The trend we are currently witnessing, specifically regarding asking prices on a national level, is the result of several factors that were in place prior to the shutdown. Before the shutdown, price gains were showing signs of tapering because of increasing inventory levels, higher mortgage rates, and declining investor activity. Essentially, asking prices are on the same path they were prior to the government shutdown. Comparing how much prices have risen in October to that of previous months can’t, by itself, show whether the shutdown has affected asking prices.
To better understand the government shutdown’s impact on asking prices, or lack there of, Trulia evaluated price trends across individual metros. More specifically, however, the popular valuation site proceeded to focus on regions in which the local economy is more dependent on the federal government. Conversely, the Trulia study compared these respective cities with those that are less dependent on government activity. The study differentiates government dependency based on the share of local wages originating from the feds.
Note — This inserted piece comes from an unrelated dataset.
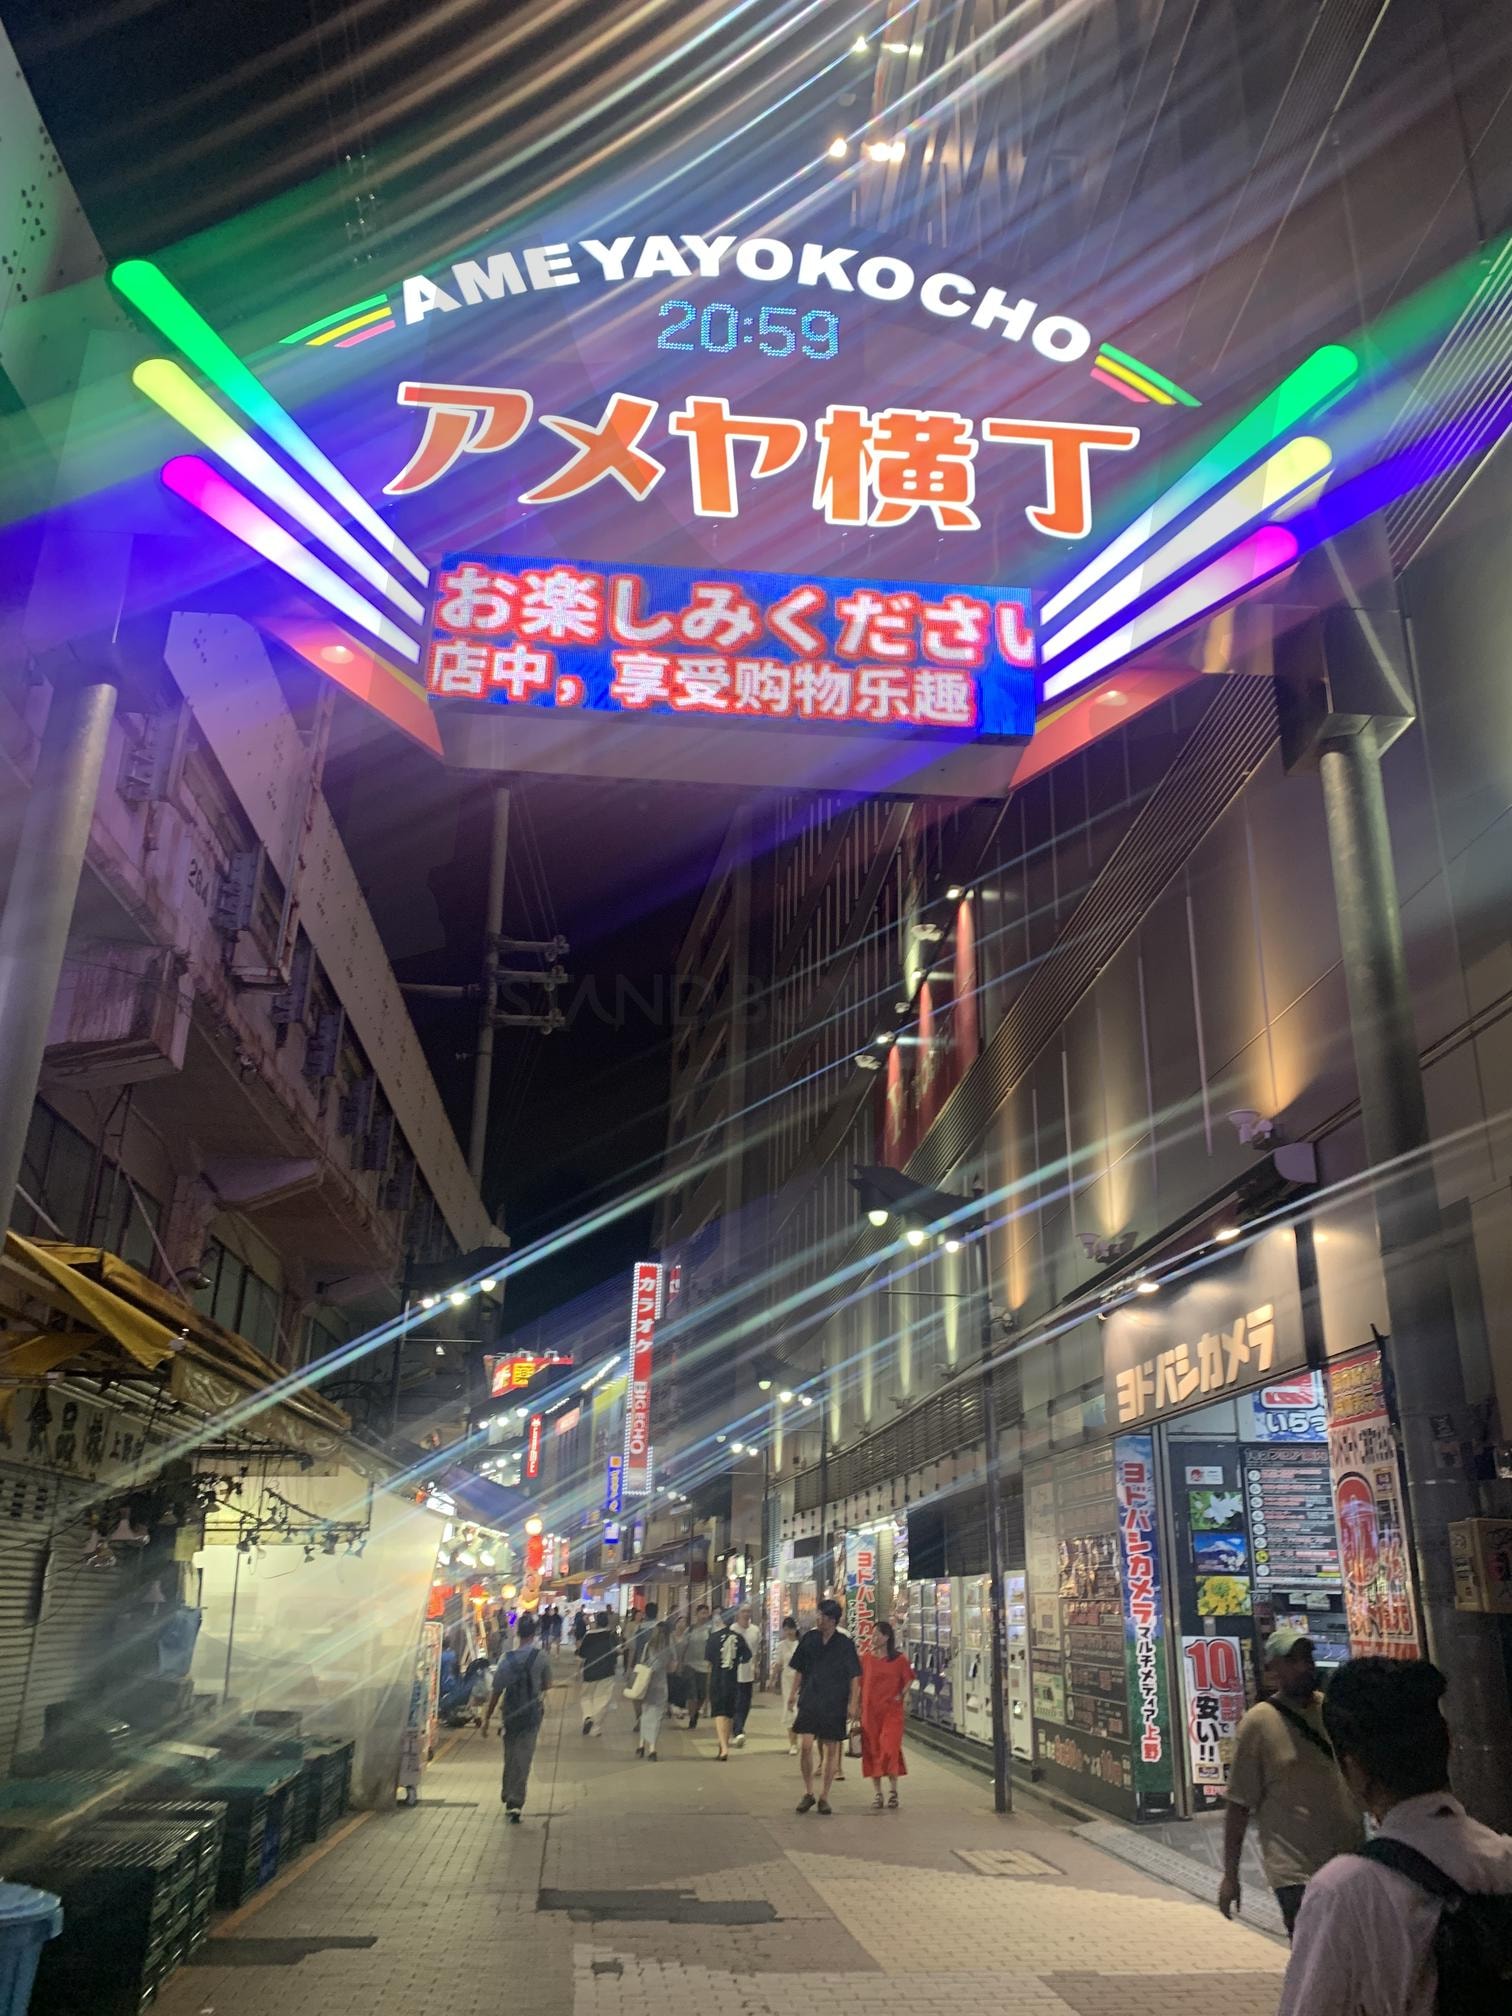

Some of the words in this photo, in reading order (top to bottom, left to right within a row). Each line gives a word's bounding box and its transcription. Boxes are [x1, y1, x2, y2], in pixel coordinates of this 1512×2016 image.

According to Jed Kolko, Trulia’s Chief Economist, “metro-level asking home-price changes in the first half of October were uncorrelated with the local economic impact of the shutdown.”
Correlations and some simple regressions, controlling for past price changes, show no relationship between asking home price changes and how much of local wages come from the federal government. Quite simply, the government has yet to impact the asking price of homes on a national level. Remember, based on their theory, metros with a high dependency on government activity should have experienced a bigger impact in asking prices. This is simply not the case.
While the government shutdown has yet to impact asking prices, the mortgage application process is not so lucky. The lack of involvement by the Internal Revenue Service (IRS) has stalled the mortgage application process. A distinct inability to preform background checks makes it increasingly difficult for loans to progress through the system.
The delay in data releases, like the jobs report and tomorrow’s home-starts report, creates more uncertainty about the pace of the housing recovery. However, expected to have a much larger impact on the housing sector, is the United State’s potential to default on its debt. While a prolonged shutdown and a debt default are looking less likely, each threatens the housing sector’s recovery.
It looks as if the housing sector recovery will be defined by the following:
- Fed’s Acquisition of Securities: While the Federal Reserve intends to taper their purchases of securities, it should not occur until the recovery is in a sustainable state. Once they ease their purchases, mortgage rates are likely to rise, making it more difficult for prospective homeowners.
- New Budget Negotiations: As of today, it looks like the agreement to end the shutdown and raise the debt ceiling will trigger a new round of negotiations over longer-term federal budget reforms. This could potentially raise the cost of homeownership while reducing the budget deficit.
- Fannie & Freddie Reform: This will largely impact whether or not the government proceeds to keep 30-year fixed-rate mortgages relatively cheap and widely available.
Even if the shutdown and debt ceiling debate are resolved soon, the housing recovery will continue to depend on what happens next in Washington.